He can't remember when he last breathed: he itches for his wand, his
rooms, his sanity: opens his eyes and sees his own shadow come crawling
back to him and Harry after it. Harry's eyes are black with want and
green as grass, and this Snape knows because he is watching Harry and
Harry is looking right back at him, all the way, until Snape's shadow
curls under his robe and the boy kneels at his feet.
"You
want me," Harry Potter says.
And
quite suddenly Snape knows he is nothing but want, desperate with it,
skin crawling, belly aching, light headed and flushed, made, himself,
into something strange and new. "Harry," says Severus, as
if his name alone is the darkest of all unmentionables, an incantation
to suck the soul from the body and set it free amongst the stars...yet
he is not dead. For the breath stirs in his lungs and burns his throat,
and under his fingertips Harry's heart beats to the same rhythm as his
own.
"You
promised me apricots," says Severus Snape.
"So
I did," says Harry Potter, and smiles.
Snape
sleeps.
He
sleeps on his side, limbs askew and uncovered, half on, half off, a
rucked quilt of Armenian silk dyed with dragon scales, and against its
brilliance his pale flesh burns. His feet tangle in a comforter spun
with the fine feathers of a phoenix's breast, and his head rests against
a pillow stuffed with eider and covered in Egyptian cotton, fine to
the skin as the Irish damask of his sheets. Against the white of the
pillow his hair, all its fine strands mussed and tangled, lies in a
blur of black dark and soft as the eye of a unicorn. His face is downturned,
all its angles gentled by sleep, and there is a lift to his mouth that
on anyone else would be a smile to move mountains. His left hand rests
on his chest: his right is outstretched, and just within its reach is
his wand, lying caught in a tangle of indigo silk.
Snape
no longer sleeps in the dark.
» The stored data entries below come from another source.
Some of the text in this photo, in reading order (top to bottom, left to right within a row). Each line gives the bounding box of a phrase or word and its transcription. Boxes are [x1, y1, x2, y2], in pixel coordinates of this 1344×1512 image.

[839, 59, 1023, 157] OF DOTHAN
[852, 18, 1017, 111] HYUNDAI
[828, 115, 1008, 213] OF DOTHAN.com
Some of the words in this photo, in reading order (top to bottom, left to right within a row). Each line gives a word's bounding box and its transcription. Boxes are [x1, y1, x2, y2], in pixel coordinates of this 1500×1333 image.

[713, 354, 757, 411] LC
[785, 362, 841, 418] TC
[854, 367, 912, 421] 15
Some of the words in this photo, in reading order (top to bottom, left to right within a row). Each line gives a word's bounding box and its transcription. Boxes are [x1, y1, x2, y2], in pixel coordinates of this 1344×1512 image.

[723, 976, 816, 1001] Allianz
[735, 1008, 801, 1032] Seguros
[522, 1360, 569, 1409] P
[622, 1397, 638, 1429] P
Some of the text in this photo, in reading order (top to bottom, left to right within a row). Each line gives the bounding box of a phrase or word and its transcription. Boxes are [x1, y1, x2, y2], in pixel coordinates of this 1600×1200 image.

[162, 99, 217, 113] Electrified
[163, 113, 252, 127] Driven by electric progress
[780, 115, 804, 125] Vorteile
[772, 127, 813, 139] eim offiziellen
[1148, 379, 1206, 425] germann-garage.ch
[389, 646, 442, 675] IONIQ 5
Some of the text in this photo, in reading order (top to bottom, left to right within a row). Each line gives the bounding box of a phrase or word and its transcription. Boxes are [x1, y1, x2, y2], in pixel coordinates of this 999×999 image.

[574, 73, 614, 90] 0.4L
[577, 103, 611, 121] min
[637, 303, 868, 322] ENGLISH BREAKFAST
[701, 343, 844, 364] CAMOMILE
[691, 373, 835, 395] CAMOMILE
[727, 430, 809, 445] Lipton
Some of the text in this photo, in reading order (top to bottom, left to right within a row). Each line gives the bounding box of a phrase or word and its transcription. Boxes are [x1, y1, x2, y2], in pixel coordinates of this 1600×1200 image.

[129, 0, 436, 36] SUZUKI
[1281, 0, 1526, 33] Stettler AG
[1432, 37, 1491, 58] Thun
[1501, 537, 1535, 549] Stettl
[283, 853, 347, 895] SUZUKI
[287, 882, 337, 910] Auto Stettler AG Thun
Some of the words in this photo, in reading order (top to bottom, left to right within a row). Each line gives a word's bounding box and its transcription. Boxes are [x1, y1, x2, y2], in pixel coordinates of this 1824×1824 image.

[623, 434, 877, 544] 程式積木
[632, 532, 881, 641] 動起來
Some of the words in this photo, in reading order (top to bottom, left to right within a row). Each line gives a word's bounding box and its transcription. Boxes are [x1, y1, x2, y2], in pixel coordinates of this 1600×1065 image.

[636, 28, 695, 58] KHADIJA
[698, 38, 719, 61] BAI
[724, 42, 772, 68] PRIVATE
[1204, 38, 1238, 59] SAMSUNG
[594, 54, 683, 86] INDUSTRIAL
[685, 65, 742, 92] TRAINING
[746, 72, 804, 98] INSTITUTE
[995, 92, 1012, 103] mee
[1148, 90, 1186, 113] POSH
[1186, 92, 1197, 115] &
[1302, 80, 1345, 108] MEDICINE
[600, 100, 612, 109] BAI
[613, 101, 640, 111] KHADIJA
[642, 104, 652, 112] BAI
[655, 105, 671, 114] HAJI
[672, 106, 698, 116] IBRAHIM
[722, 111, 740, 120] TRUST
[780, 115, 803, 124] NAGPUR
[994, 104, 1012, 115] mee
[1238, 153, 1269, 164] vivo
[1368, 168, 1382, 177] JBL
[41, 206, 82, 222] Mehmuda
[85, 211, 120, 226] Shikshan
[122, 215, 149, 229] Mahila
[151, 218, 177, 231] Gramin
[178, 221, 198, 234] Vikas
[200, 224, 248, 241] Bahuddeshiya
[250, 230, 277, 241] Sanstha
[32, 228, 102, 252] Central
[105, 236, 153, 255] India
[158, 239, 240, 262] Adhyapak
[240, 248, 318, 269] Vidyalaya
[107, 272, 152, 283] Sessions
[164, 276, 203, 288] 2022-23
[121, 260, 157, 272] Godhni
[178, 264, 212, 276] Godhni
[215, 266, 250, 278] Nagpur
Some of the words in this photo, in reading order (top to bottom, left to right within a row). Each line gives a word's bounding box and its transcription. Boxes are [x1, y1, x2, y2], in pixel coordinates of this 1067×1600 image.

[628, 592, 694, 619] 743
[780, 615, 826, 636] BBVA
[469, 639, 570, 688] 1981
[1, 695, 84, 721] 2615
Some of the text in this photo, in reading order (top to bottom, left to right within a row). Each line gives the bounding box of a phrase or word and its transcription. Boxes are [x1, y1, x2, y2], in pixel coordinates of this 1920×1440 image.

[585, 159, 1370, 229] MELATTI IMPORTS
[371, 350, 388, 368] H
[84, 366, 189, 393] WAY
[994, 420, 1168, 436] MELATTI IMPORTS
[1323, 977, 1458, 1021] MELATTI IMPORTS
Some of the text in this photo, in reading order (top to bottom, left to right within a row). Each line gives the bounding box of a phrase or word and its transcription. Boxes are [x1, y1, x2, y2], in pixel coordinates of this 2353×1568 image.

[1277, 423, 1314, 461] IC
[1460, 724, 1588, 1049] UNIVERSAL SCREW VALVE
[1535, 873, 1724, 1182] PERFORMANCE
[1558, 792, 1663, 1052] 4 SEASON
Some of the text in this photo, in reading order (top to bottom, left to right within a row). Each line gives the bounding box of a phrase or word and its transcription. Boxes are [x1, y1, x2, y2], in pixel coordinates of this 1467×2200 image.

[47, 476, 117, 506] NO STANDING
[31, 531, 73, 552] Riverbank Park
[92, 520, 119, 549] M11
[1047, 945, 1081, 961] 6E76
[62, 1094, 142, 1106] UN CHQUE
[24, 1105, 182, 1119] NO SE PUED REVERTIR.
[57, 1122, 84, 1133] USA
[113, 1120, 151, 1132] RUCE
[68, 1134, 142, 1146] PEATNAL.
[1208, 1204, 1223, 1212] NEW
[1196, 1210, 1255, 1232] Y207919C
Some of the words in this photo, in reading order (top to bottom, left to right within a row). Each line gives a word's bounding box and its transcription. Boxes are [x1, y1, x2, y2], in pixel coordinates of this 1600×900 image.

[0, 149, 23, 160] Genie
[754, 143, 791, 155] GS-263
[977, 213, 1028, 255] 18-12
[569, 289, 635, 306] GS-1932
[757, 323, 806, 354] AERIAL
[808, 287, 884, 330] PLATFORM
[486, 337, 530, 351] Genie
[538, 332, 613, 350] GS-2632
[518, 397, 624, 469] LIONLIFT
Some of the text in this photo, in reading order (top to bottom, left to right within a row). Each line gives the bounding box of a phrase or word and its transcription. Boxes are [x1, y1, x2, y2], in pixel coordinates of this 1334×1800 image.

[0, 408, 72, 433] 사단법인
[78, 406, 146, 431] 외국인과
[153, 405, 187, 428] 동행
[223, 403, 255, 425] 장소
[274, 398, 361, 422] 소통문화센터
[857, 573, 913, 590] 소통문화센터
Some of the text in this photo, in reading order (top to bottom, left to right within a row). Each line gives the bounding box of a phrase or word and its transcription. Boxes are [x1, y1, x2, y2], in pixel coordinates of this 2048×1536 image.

His bedside table, his armoire, his chests
and trunks, his windowsill, gleam with the light of a thousand miniature
candles, and as they burn the scent of sweetgrass and pine wreaths through
the room. Snape's robes are scented with smoke and incense, and lie
discarded and crumpled just past his doorway, and his shirt, its mother
of pearl buttons scattered across the floorboards, hangs from his wardrobe
door. His boots have been kicked under his armoire, half their laces
obliterated. Tomorrow morning Snape will mend his shirt, relace his
boots, and hex his robes into pristine formality, but not tonight. Snape's
nights are...no longer his own.
Tread
carefully. In the crook of Snape's arm, covered by his quilt against
the cold, lies his student, his lover, his lord. If you look closely,
you can see the tufts of dark hair and the scarred hand that rests on
Snape's shoulder, but do not - do not! - come nearer.
Fin.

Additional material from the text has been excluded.